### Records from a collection

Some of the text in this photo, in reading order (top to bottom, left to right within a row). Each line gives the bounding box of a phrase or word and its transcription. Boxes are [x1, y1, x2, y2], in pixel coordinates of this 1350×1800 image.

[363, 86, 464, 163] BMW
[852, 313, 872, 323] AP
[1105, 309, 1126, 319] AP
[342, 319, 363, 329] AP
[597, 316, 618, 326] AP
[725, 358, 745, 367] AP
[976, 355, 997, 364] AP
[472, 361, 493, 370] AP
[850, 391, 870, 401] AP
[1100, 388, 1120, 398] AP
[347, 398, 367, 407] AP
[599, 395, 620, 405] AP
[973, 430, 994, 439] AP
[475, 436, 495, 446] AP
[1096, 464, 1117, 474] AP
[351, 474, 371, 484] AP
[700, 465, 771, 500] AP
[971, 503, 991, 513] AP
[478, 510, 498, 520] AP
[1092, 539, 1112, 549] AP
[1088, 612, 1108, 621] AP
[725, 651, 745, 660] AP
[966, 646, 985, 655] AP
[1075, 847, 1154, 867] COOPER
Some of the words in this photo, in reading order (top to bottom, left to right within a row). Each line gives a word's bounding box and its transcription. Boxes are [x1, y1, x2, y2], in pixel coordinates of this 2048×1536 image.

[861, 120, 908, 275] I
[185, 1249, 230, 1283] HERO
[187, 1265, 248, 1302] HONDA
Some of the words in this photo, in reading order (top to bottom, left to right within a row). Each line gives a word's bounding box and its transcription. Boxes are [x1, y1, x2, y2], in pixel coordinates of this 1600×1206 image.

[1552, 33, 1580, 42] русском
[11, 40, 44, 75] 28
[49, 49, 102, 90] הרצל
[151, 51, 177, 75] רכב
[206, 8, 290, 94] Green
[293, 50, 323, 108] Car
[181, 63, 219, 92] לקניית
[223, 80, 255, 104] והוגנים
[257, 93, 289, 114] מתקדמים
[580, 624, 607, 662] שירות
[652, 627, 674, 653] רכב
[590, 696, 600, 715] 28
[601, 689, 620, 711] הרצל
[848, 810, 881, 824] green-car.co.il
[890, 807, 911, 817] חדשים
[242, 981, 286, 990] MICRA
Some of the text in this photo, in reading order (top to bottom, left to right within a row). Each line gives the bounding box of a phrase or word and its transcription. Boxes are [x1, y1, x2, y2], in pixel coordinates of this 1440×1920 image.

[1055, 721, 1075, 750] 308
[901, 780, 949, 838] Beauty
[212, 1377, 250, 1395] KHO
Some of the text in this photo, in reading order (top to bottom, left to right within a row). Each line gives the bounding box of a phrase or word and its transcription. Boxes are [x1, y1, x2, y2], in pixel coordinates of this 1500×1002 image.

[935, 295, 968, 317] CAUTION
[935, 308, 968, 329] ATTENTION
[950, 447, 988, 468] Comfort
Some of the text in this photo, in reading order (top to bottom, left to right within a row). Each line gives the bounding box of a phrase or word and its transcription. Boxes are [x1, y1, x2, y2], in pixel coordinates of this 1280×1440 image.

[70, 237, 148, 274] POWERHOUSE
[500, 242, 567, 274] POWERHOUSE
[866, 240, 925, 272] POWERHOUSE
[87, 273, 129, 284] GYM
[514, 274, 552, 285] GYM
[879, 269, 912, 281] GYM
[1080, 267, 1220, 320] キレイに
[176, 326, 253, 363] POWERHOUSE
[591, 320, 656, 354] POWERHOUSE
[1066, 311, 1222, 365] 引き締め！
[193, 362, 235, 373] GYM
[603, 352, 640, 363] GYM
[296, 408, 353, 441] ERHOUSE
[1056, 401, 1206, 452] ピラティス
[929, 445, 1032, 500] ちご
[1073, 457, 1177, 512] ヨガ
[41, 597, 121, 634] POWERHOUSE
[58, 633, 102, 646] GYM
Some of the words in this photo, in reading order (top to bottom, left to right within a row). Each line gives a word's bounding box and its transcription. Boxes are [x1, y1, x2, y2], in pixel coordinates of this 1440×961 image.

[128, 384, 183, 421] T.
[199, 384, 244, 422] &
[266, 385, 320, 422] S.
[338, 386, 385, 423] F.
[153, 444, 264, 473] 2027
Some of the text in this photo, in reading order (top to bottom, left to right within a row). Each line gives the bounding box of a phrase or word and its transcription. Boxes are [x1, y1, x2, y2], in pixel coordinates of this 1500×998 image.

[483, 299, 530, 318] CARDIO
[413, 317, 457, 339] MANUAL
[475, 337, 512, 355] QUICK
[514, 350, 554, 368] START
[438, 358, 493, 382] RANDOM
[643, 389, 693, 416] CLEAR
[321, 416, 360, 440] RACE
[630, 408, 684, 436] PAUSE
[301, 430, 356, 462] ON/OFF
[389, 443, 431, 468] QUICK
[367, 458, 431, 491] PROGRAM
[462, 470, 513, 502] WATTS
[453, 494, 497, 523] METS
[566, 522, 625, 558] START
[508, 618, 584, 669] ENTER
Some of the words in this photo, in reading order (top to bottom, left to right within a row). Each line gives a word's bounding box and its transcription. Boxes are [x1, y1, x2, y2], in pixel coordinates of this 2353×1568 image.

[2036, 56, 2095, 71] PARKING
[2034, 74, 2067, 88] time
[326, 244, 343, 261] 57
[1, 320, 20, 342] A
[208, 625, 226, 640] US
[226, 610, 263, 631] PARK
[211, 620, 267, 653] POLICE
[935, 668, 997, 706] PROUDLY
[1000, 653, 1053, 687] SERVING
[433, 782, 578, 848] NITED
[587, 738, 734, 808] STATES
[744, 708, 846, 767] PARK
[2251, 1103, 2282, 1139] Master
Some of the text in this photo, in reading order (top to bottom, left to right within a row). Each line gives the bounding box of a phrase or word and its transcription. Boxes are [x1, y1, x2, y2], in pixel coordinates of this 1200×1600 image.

### Work instructions
The response must restate every entry word for word.

### Answer section
Some of the text in this photo, in reading order (top to bottom, left to right within a row). Each line gives the bounding box of a phrase or word and its transcription. Boxes are [x1, y1, x2, y2], in pixel coordinates of this 1350×1800 image.

[363, 86, 464, 163] BMW
[852, 313, 872, 323] AP
[1105, 309, 1126, 319] AP
[342, 319, 363, 329] AP
[597, 316, 618, 326] AP
[725, 358, 745, 367] AP
[976, 355, 997, 364] AP
[472, 361, 493, 370] AP
[850, 391, 870, 401] AP
[1100, 388, 1120, 398] AP
[347, 398, 367, 407] AP
[599, 395, 620, 405] AP
[973, 430, 994, 439] AP
[475, 436, 495, 446] AP
[1096, 464, 1117, 474] AP
[351, 474, 371, 484] AP
[700, 465, 771, 500] AP
[971, 503, 991, 513] AP
[478, 510, 498, 520] AP
[1092, 539, 1112, 549] AP
[1088, 612, 1108, 621] AP
[725, 651, 745, 660] AP
[966, 646, 985, 655] AP
[1075, 847, 1154, 867] COOPER
Some of the words in this photo, in reading order (top to bottom, left to right within a row). Each line gives a word's bounding box and its transcription. Boxes are [x1, y1, x2, y2], in pixel coordinates of this 2048×1536 image.

[861, 120, 908, 275] I
[185, 1249, 230, 1283] HERO
[187, 1265, 248, 1302] HONDA
Some of the words in this photo, in reading order (top to bottom, left to right within a row). Each line gives a word's bounding box and its transcription. Boxes are [x1, y1, x2, y2], in pixel coordinates of this 1600×1206 image.

[1552, 33, 1580, 42] русском
[11, 40, 44, 75] 28
[49, 49, 102, 90] הרצל
[151, 51, 177, 75] רכב
[206, 8, 290, 94] Green
[293, 50, 323, 108] Car
[181, 63, 219, 92] לקניית
[223, 80, 255, 104] והוגנים
[257, 93, 289, 114] מתקדמים
[580, 624, 607, 662] שירות
[652, 627, 674, 653] רכב
[590, 696, 600, 715] 28
[601, 689, 620, 711] הרצל
[848, 810, 881, 824] green-car.co.il
[890, 807, 911, 817] חדשים
[242, 981, 286, 990] MICRA
Some of the text in this photo, in reading order (top to bottom, left to right within a row). Each line gives the bounding box of a phrase or word and its transcription. Boxes are [x1, y1, x2, y2], in pixel coordinates of this 1440×1920 image.

[1055, 721, 1075, 750] 308
[901, 780, 949, 838] Beauty
[212, 1377, 250, 1395] KHO
Some of the text in this photo, in reading order (top to bottom, left to right within a row). Each line gives the bounding box of a phrase or word and its transcription. Boxes are [x1, y1, x2, y2], in pixel coordinates of this 1500×1002 image.

[935, 295, 968, 317] CAUTION
[935, 308, 968, 329] ATTENTION
[950, 447, 988, 468] Comfort
Some of the text in this photo, in reading order (top to bottom, left to right within a row). Each line gives the bounding box of a phrase or word and its transcription. Boxes are [x1, y1, x2, y2], in pixel coordinates of this 1280×1440 image.

[70, 237, 148, 274] POWERHOUSE
[500, 242, 567, 274] POWERHOUSE
[866, 240, 925, 272] POWERHOUSE
[87, 273, 129, 284] GYM
[514, 274, 552, 285] GYM
[879, 269, 912, 281] GYM
[1080, 267, 1220, 320] キレイに
[176, 326, 253, 363] POWERHOUSE
[591, 320, 656, 354] POWERHOUSE
[1066, 311, 1222, 365] 引き締め！
[193, 362, 235, 373] GYM
[603, 352, 640, 363] GYM
[296, 408, 353, 441] ERHOUSE
[1056, 401, 1206, 452] ピラティス
[929, 445, 1032, 500] ちご
[1073, 457, 1177, 512] ヨガ
[41, 597, 121, 634] POWERHOUSE
[58, 633, 102, 646] GYM
Some of the words in this photo, in reading order (top to bottom, left to right within a row). Each line gives a word's bounding box and its transcription. Boxes are [x1, y1, x2, y2], in pixel coordinates of this 1440×961 image.

[128, 384, 183, 421] T.
[199, 384, 244, 422] &
[266, 385, 320, 422] S.
[338, 386, 385, 423] F.
[153, 444, 264, 473] 2027
Some of the text in this photo, in reading order (top to bottom, left to right within a row). Each line gives the bounding box of a phrase or word and its transcription. Boxes are [x1, y1, x2, y2], in pixel coordinates of this 1500×998 image.

[483, 299, 530, 318] CARDIO
[413, 317, 457, 339] MANUAL
[475, 337, 512, 355] QUICK
[514, 350, 554, 368] START
[438, 358, 493, 382] RANDOM
[643, 389, 693, 416] CLEAR
[321, 416, 360, 440] RACE
[630, 408, 684, 436] PAUSE
[301, 430, 356, 462] ON/OFF
[389, 443, 431, 468] QUICK
[367, 458, 431, 491] PROGRAM
[462, 470, 513, 502] WATTS
[453, 494, 497, 523] METS
[566, 522, 625, 558] START
[508, 618, 584, 669] ENTER
Some of the words in this photo, in reading order (top to bottom, left to right within a row). Each line gives a word's bounding box and its transcription. Boxes are [x1, y1, x2, y2], in pixel coordinates of this 2353×1568 image.

[2036, 56, 2095, 71] PARKING
[2034, 74, 2067, 88] time
[326, 244, 343, 261] 57
[1, 320, 20, 342] A
[208, 625, 226, 640] US
[226, 610, 263, 631] PARK
[211, 620, 267, 653] POLICE
[935, 668, 997, 706] PROUDLY
[1000, 653, 1053, 687] SERVING
[433, 782, 578, 848] NITED
[587, 738, 734, 808] STATES
[744, 708, 846, 767] PARK
[2251, 1103, 2282, 1139] Master
Some of the text in this photo, in reading order (top to bottom, left to right within a row). Each line gives the bounding box of a phrase or word and its transcription. Boxes are [x1, y1, x2, y2], in pixel coordinates of this 1200×1600 image.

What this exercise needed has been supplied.